New York City is killing the rapid grocery delivery space for companies, according to former Amazon executive and supply chain consultant Brittain Ladd.
“On the surface, launching a rapid grocery delivery business in a city with a population of 8.85 million people appears logical,” he said on LinkedIn.
“The goal of each rapid grocery delivery company is the same as every other company in existence – create a customer.
“With its densely populated neighbourhoods full of shoppers eagerly seeking groceries and other goodies to meet their needs, New York City is a grocery retailer’s paradise. Is it?”
Ladd refers to some of the newer players to the scene including Jokr, Fridge No More and Buyk.
“For most of these, this was a big mistake,” Ladd continued.
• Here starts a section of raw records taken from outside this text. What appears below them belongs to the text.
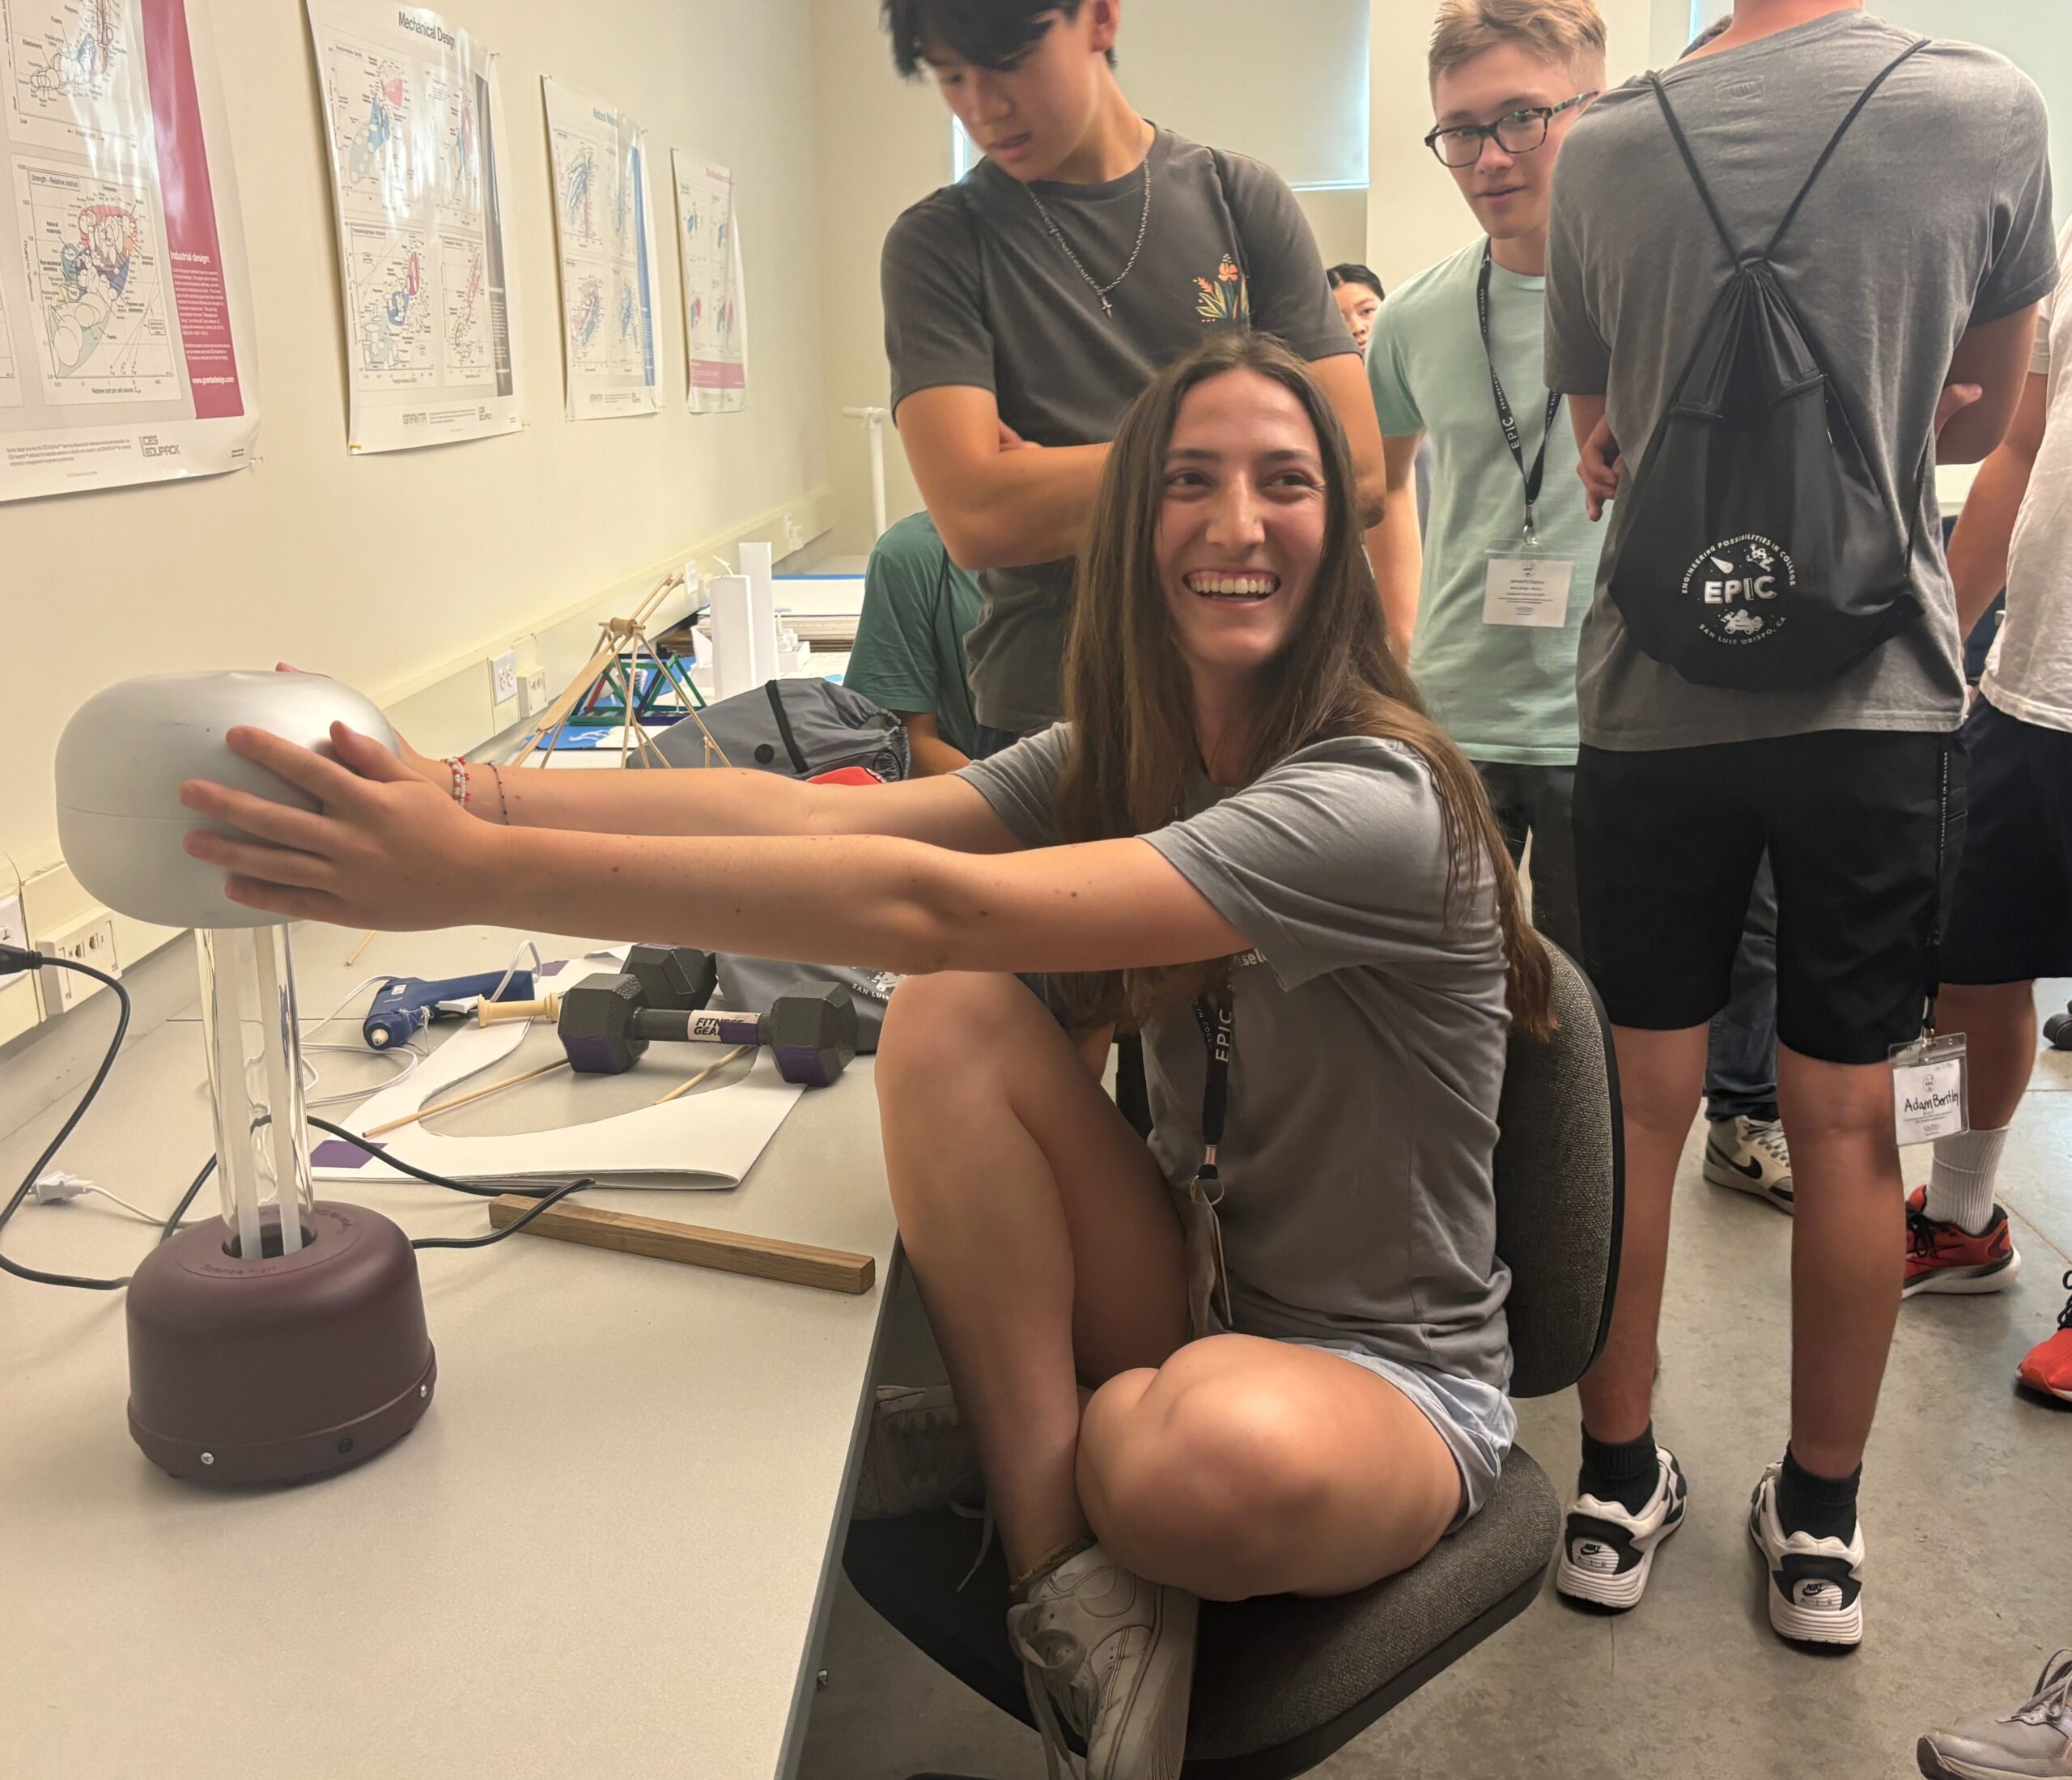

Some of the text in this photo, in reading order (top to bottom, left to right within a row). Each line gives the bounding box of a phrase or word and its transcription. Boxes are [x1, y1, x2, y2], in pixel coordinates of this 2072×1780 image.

[398, 11, 455, 50] Mechanical Design
[170, 250, 210, 266] Industrial design:
[142, 435, 159, 446] CES
[1502, 416, 1520, 450] EPIC
[145, 444, 180, 457] EDUPACK
[1682, 533, 1796, 594] ENGINEERING POSSIBILITIES IN COLLEGE
[1704, 576, 1777, 604] EPIC
[1699, 624, 1716, 639] SAN
[1717, 635, 1738, 645] LUIS
[1776, 617, 1787, 627] CA
[851, 983, 869, 996] SAN
[694, 1026, 720, 1036] GEA
[1215, 1008, 1232, 1063] EPIC
[1904, 1096, 1933, 1113] Adam
[1806, 1582, 1824, 1592] NIKE
[1799, 1596, 1833, 1607] AIR
He did however acknowledge the work being done by Buyk, which was was founded by two ex Samoket employees.
“However, I believe Buyk, founded by two men with experience working for Samokat, a leading RGD company in Russia, should do quite well in New York City as they have a more disciplined approach to controlling costs and seeking profits as quickly as possible,” he said.
“In discussions with executives and/or associates from RGD companies operating in New York City, I can state that most of the companies aren’t breaking even nor are they close to being profitable.”
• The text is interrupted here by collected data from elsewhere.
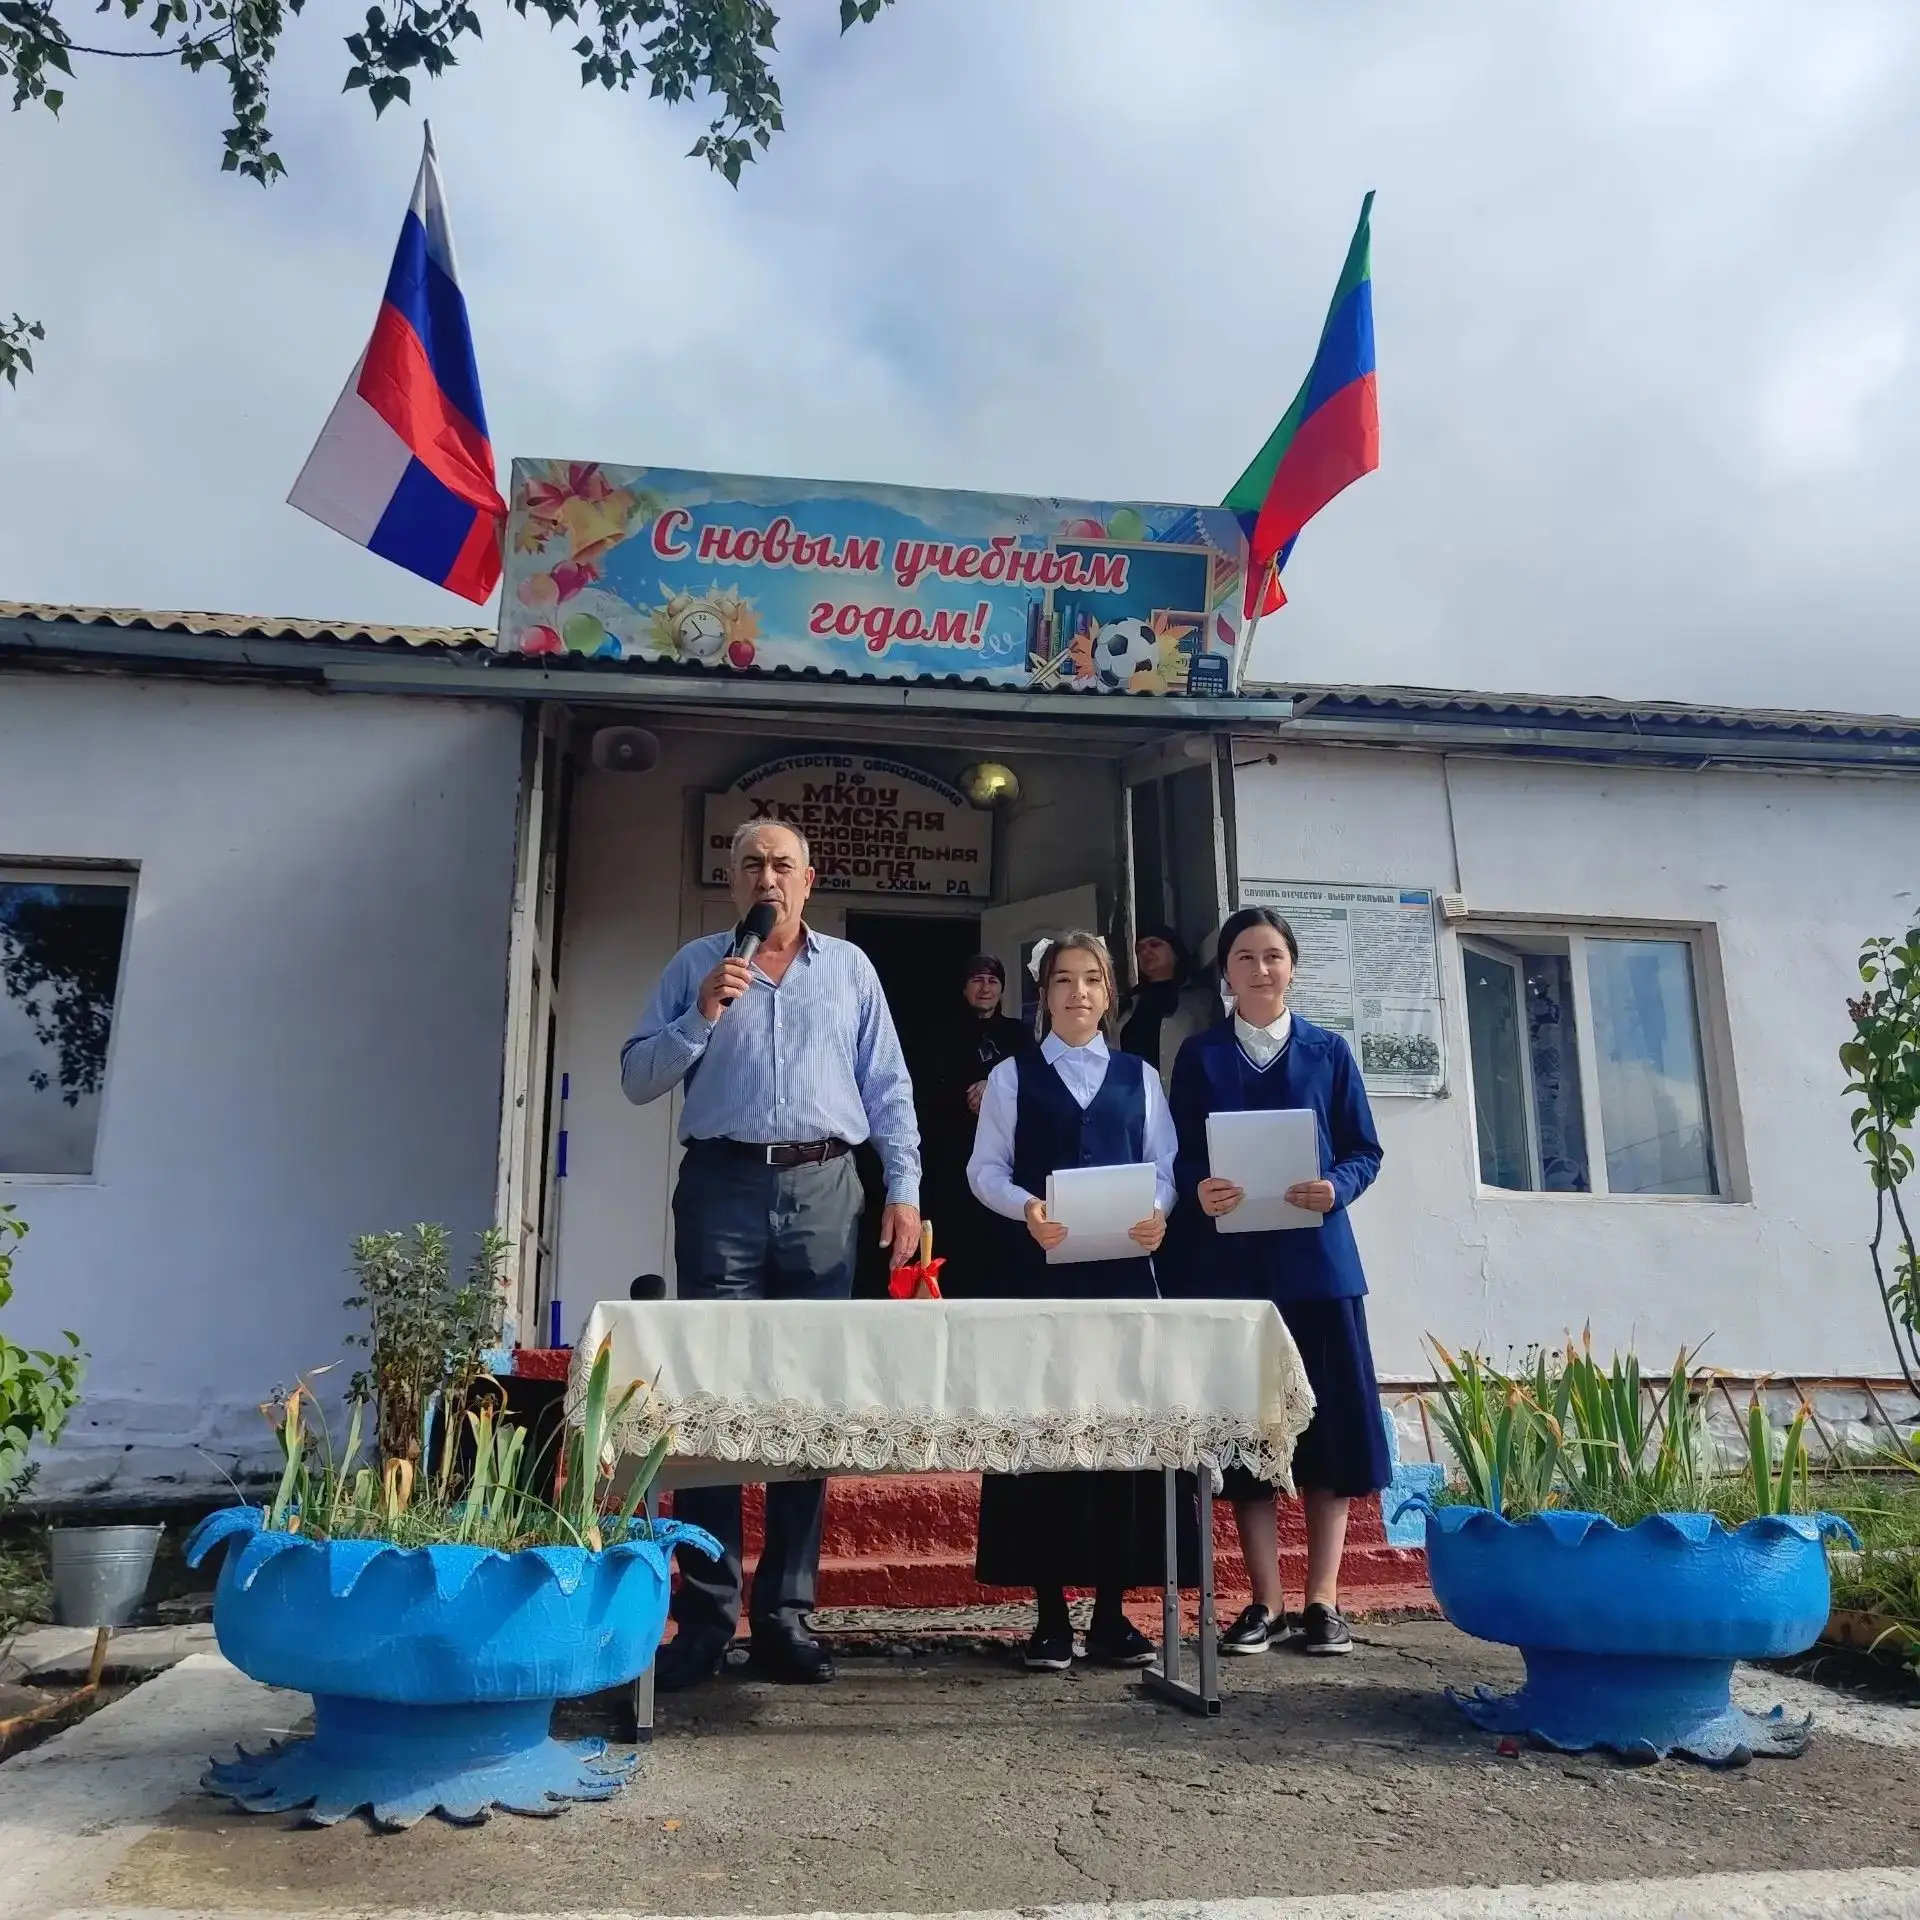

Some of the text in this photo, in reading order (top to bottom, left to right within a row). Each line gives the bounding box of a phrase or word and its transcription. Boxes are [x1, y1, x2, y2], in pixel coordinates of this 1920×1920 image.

[653, 510, 1125, 588] С новым учебным
[809, 602, 989, 652] годом!
[736, 755, 964, 808] МИНИСТЕРСТВО ОБРАЗОВАНИЯ
[802, 782, 900, 807] МКОУ
[750, 797, 946, 832] ХКЕМСКАЯ
[946, 877, 972, 894] РД
[1244, 888, 1281, 898] СЛУЖИТЬ
[1281, 890, 1323, 900] ОТЕЧЕСТВУ
[1327, 892, 1356, 901] ВЫБОР
[1356, 893, 1395, 903] СИЛЬНЫХ
“Some of the companies are losing hundreds of dollars on every order they fulfill when discounts, promotions, waived fees, labour, and all other actual costs are accounted for.
“Reducing unit costs and achieving a profit is nearly impossible for most RGD companies.”
The rapid grocery space is showing signs of consolidation after the heights of the pandemic where the market came into its own and a number of startups clambered to make gains.
One of the early leaders Weezy was recently purchased by market giant Getir for an undisclosed sum, with its 700 employees making the switch over to the Turkish-based company.